** SUPPLIED INFORMATION follows **
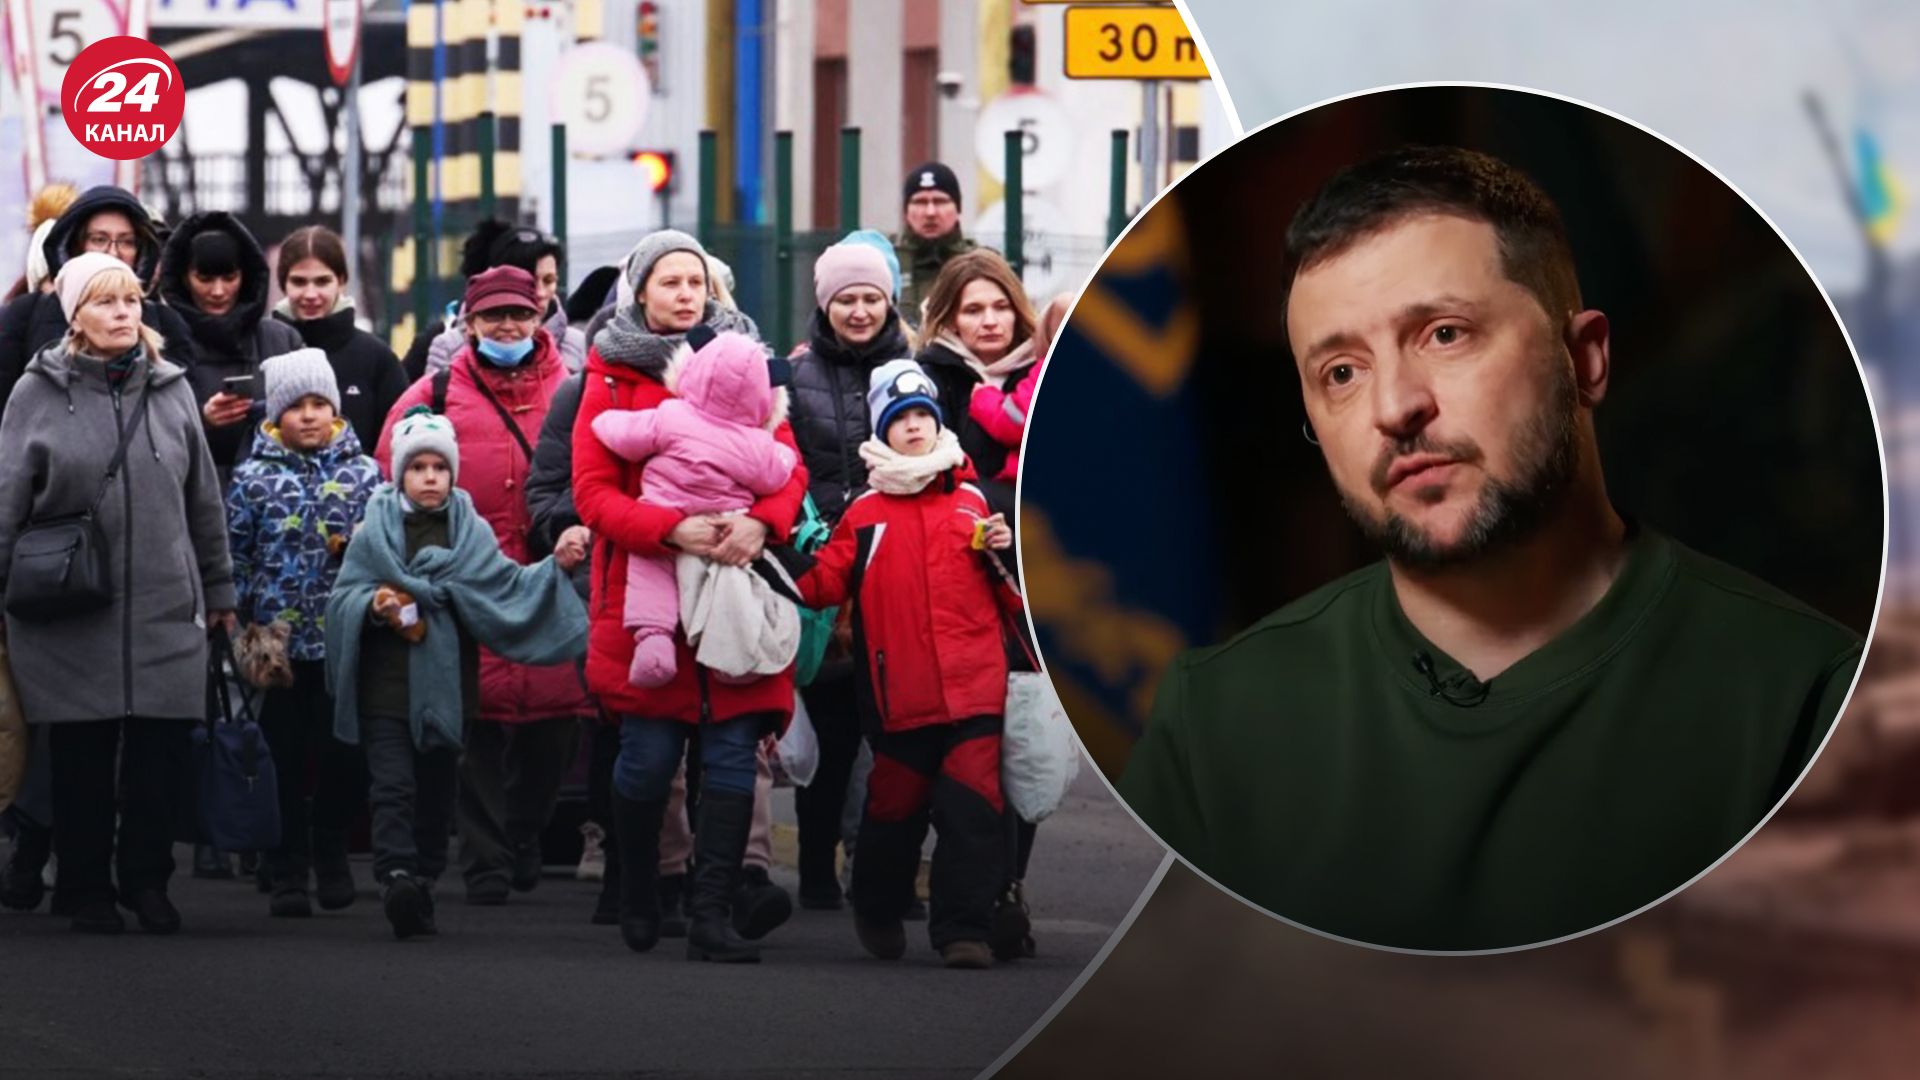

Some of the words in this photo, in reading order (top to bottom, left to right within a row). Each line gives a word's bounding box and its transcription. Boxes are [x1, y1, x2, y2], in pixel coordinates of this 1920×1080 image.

[49, 11, 83, 67] 5
[1099, 23, 1157, 62] 30
[584, 76, 611, 122] 5
[1018, 118, 1039, 155] 5
** End of SUPPLIED INFORMATION **
**EXERCISE**:
Once the pictures are set aside, give the listing again word for word.

**RESPONSE**:
Some of the words in this photo, in reading order (top to bottom, left to right within a row). Each line gives a word's bounding box and its transcription. Boxes are [x1, y1, x2, y2], in pixel coordinates of this 1920×1080 image.

[49, 11, 83, 67] 5
[1099, 23, 1157, 62] 30
[584, 76, 611, 122] 5
[1018, 118, 1039, 155] 5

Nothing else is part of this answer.